Phrase grounding data
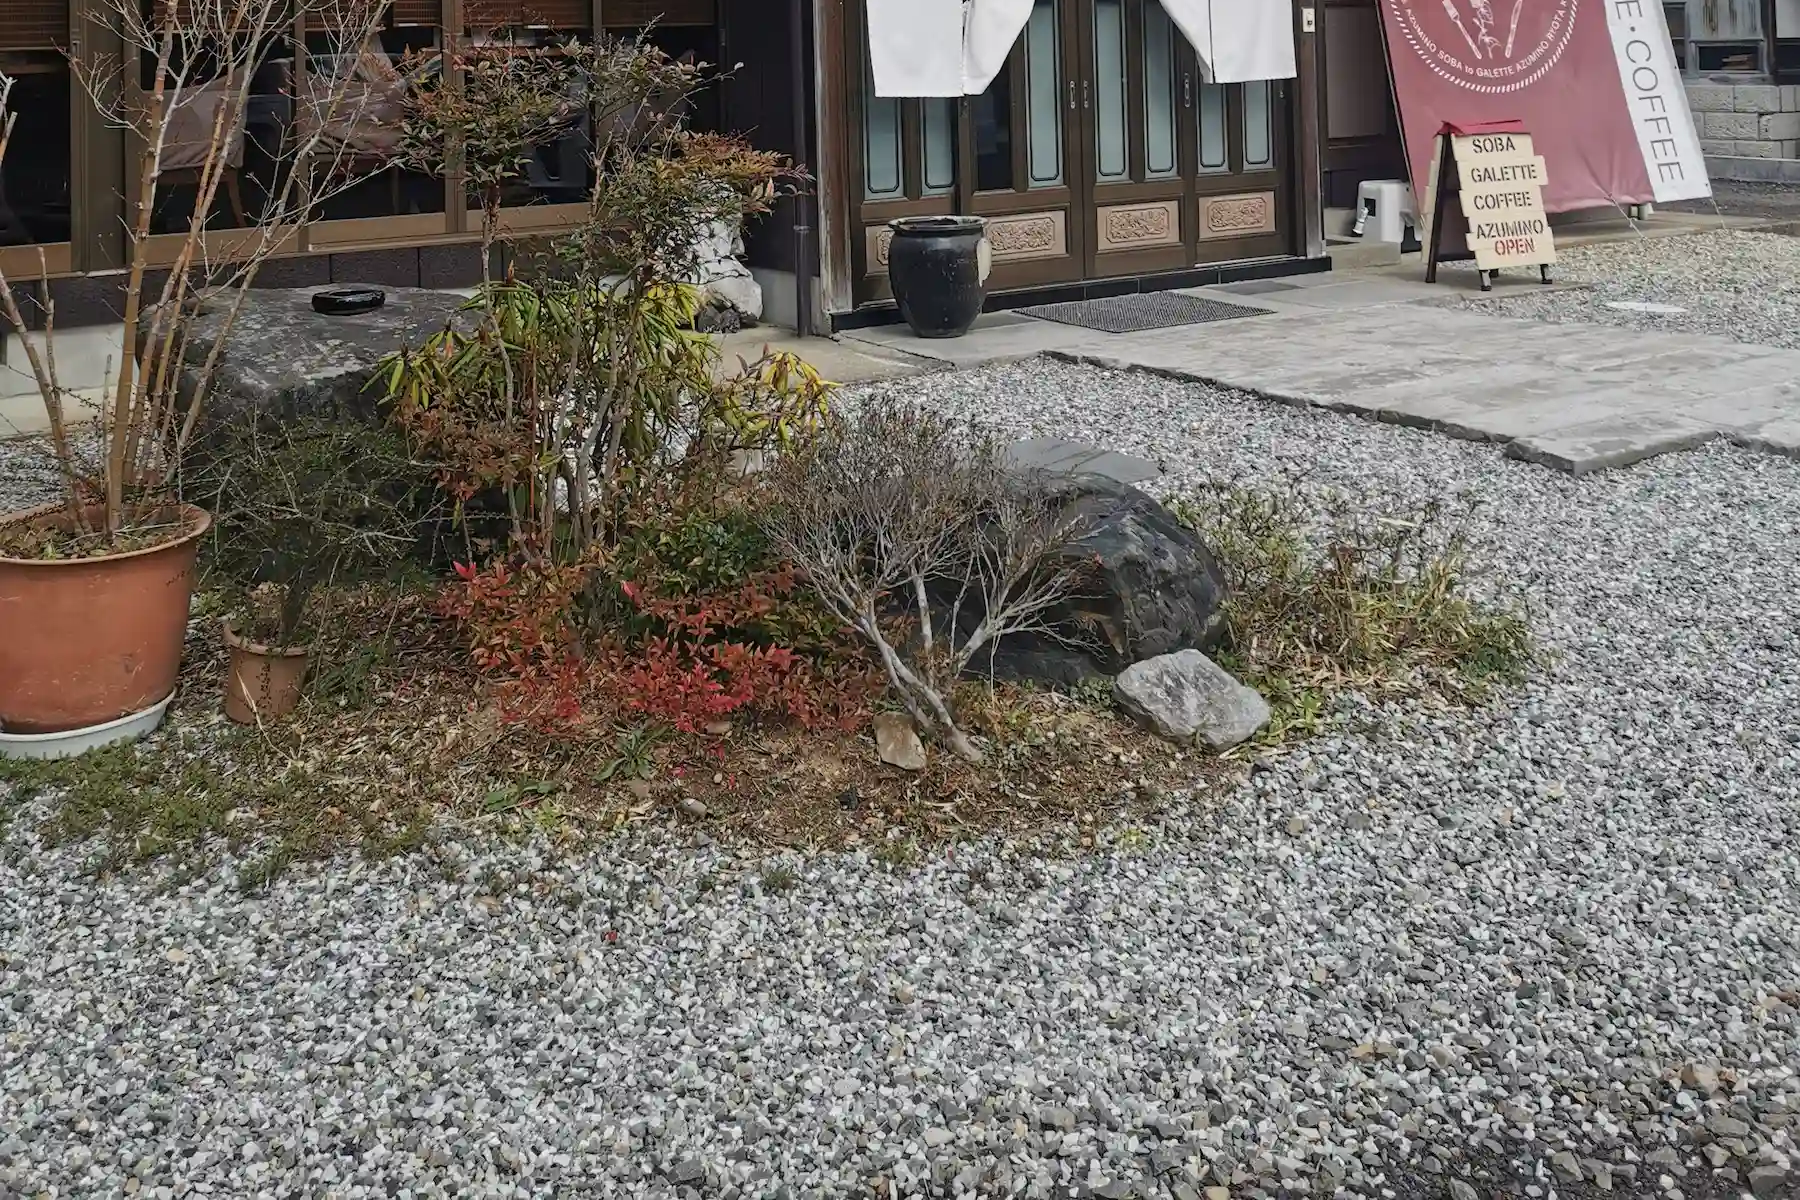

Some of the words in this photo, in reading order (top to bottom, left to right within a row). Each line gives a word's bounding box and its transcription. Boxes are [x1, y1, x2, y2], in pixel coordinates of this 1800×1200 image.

[1438, 50, 1462, 70] SOBA
[1465, 65, 1474, 75] to
[1476, 66, 1514, 78] GALETTE
[1516, 40, 1549, 73] AZUMINO
[1545, 9, 1566, 41] RYOTA
[1472, 136, 1516, 153] SOBA
[1471, 164, 1537, 183] GALETTE
[1474, 191, 1532, 210] COFFEE
[1476, 219, 1544, 239] AZUMINO
[1494, 238, 1535, 256] OPEN
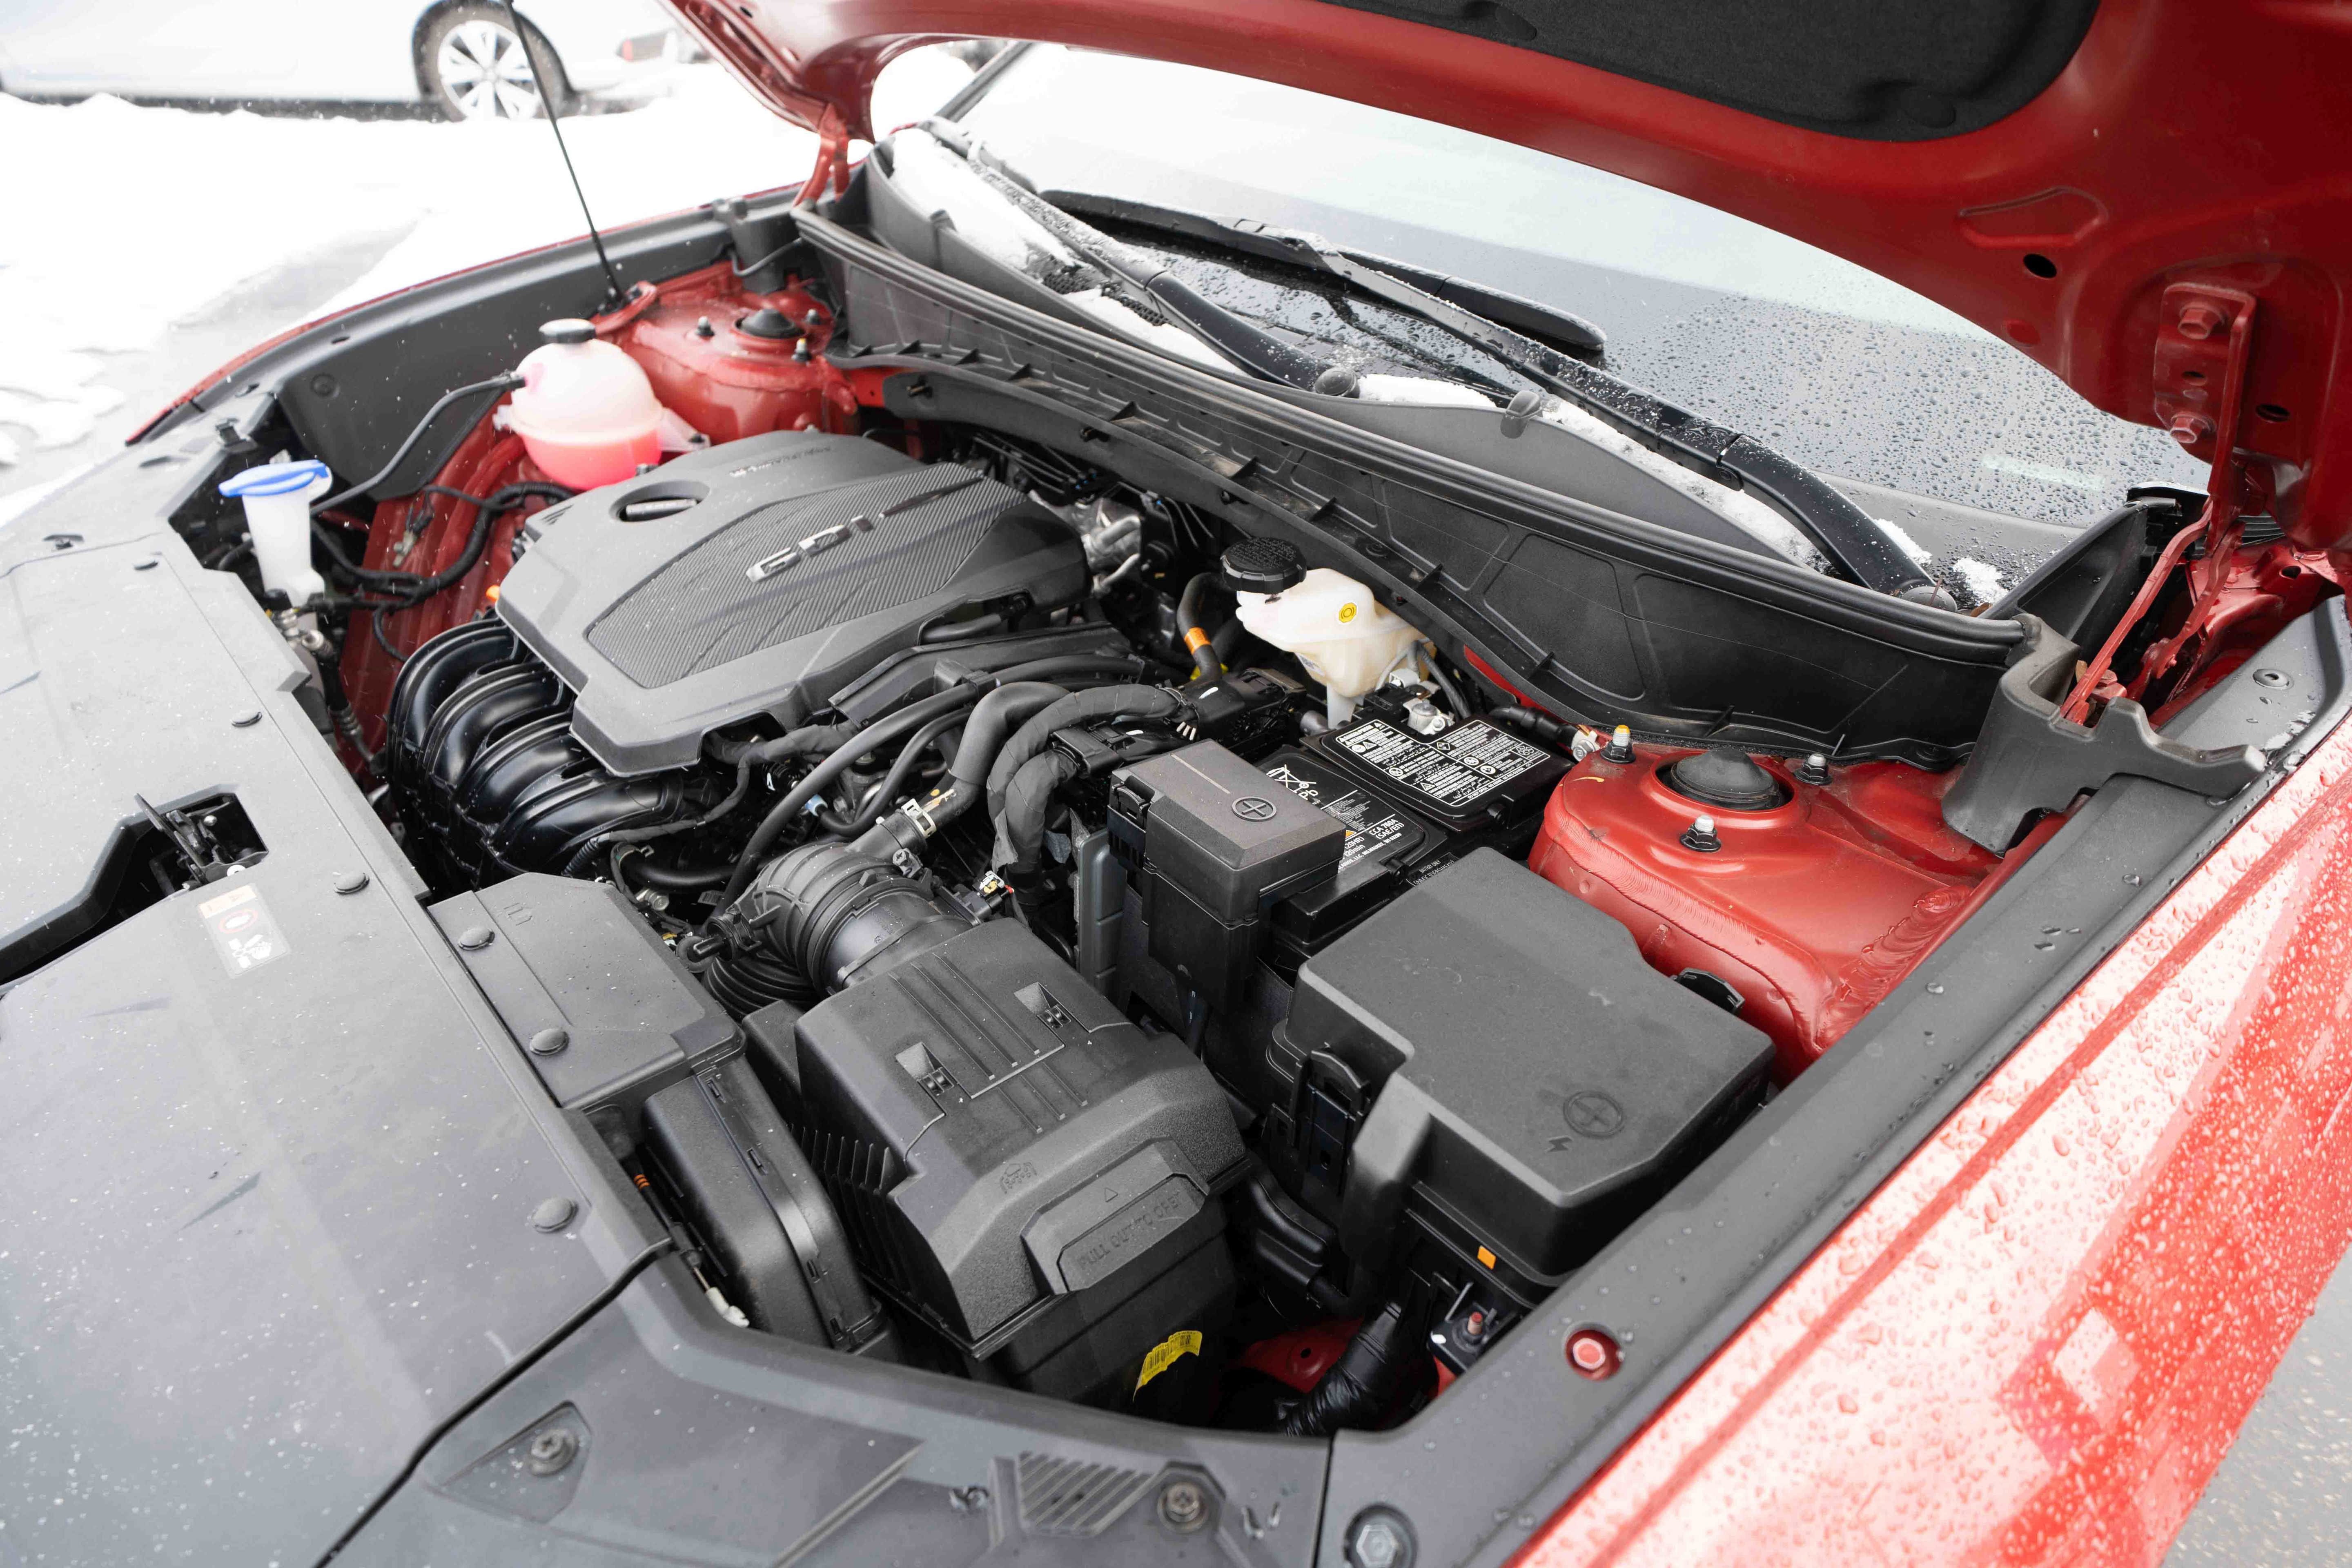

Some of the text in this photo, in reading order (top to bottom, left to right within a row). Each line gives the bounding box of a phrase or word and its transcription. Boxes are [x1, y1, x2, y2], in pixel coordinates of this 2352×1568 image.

[746, 514, 874, 583] GDI
[1298, 789, 1319, 801] Pb
[1369, 819, 1399, 835] CCA 760A
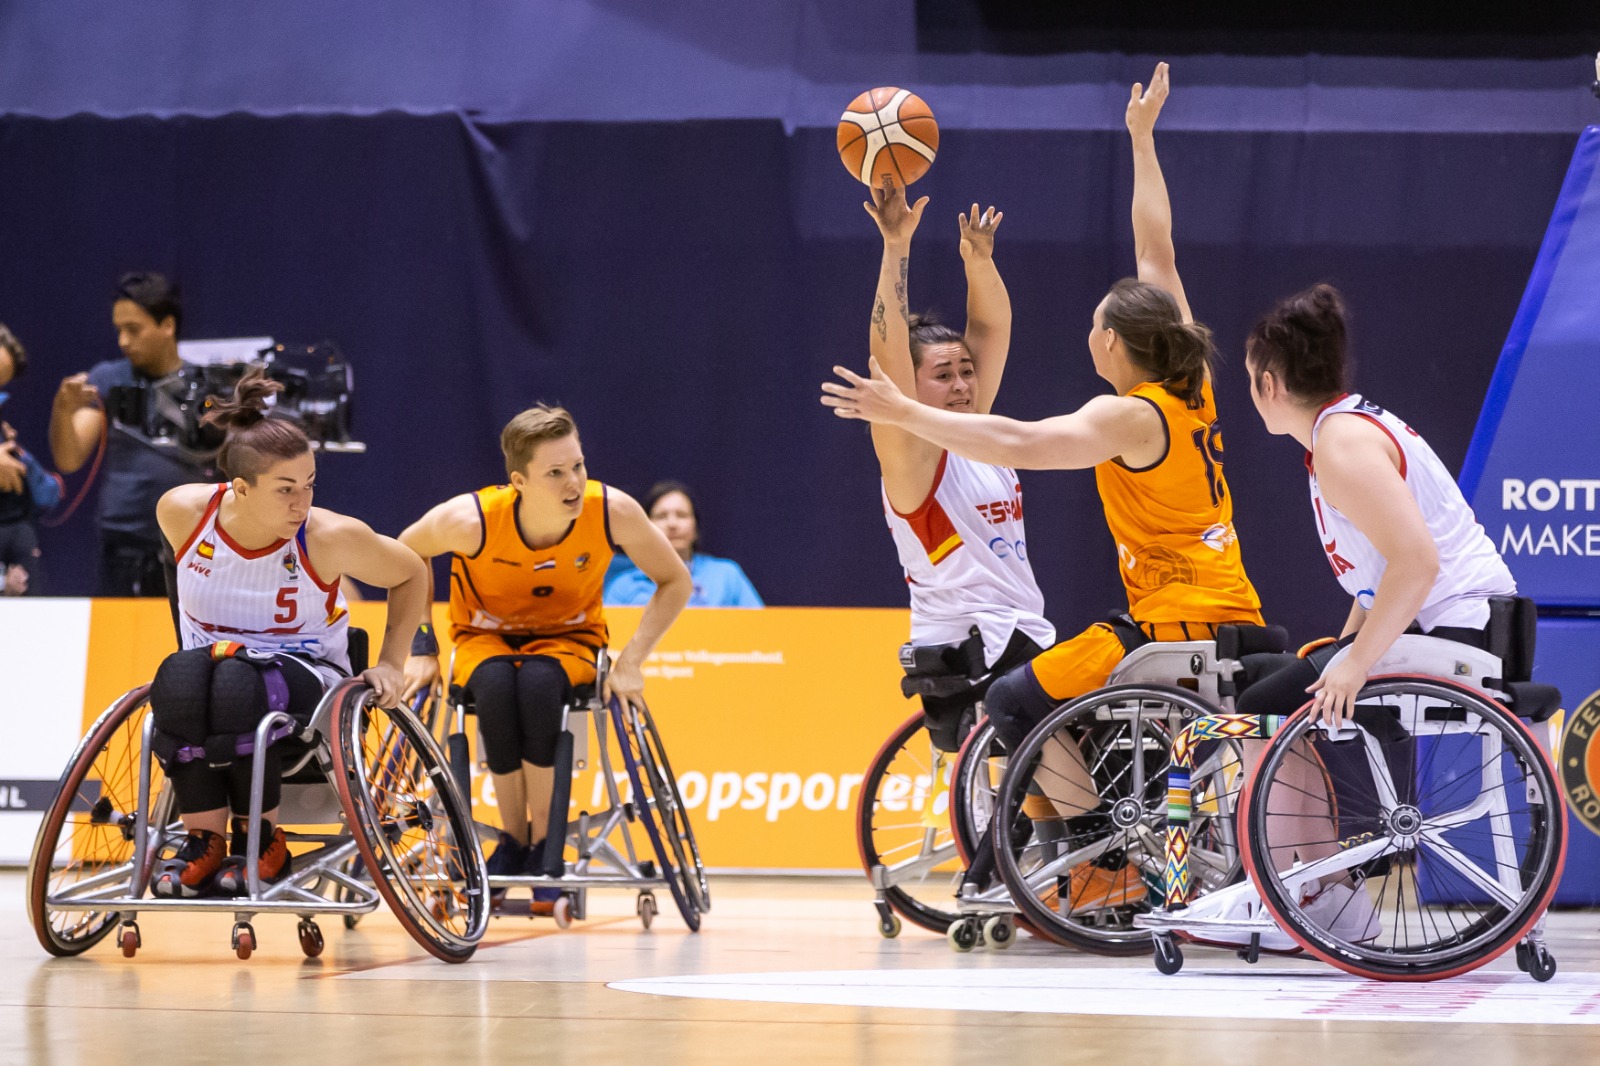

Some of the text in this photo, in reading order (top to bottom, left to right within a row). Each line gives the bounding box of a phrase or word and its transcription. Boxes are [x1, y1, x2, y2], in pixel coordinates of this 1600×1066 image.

= Assigned task =
Would you copy out every entry above word for word, without the pictures?

= Result for this exercise =
Some of the words in this photo, in reading order (top to bottom, left to right within a row). Each line gives a word's bounding box and its transcription. Boxes are [x1, y1, x2, y2], in pixel coordinates of this 1800×1200 image.

[1438, 50, 1462, 70] SOBA
[1465, 65, 1474, 75] to
[1476, 66, 1514, 78] GALETTE
[1516, 40, 1549, 73] AZUMINO
[1545, 9, 1566, 41] RYOTA
[1472, 136, 1516, 153] SOBA
[1471, 164, 1537, 183] GALETTE
[1474, 191, 1532, 210] COFFEE
[1476, 219, 1544, 239] AZUMINO
[1494, 238, 1535, 256] OPEN

Some of the text in this photo, in reading order (top to bottom, left to right within a row). Each line gives the bounding box of a phrase or word and its transcription. Boxes are [x1, y1, x2, y2], in pixel coordinates of this 2352×1568 image.

[746, 514, 874, 583] GDI
[1298, 789, 1319, 801] Pb
[1369, 819, 1399, 835] CCA 760A

Some of the text in this photo, in reading order (top to bottom, left to right within a row). Each line gives the bounding box of a phrase or word and its transcription. Boxes are [x1, y1, x2, y2], in pixel coordinates of this 1600×1066 image.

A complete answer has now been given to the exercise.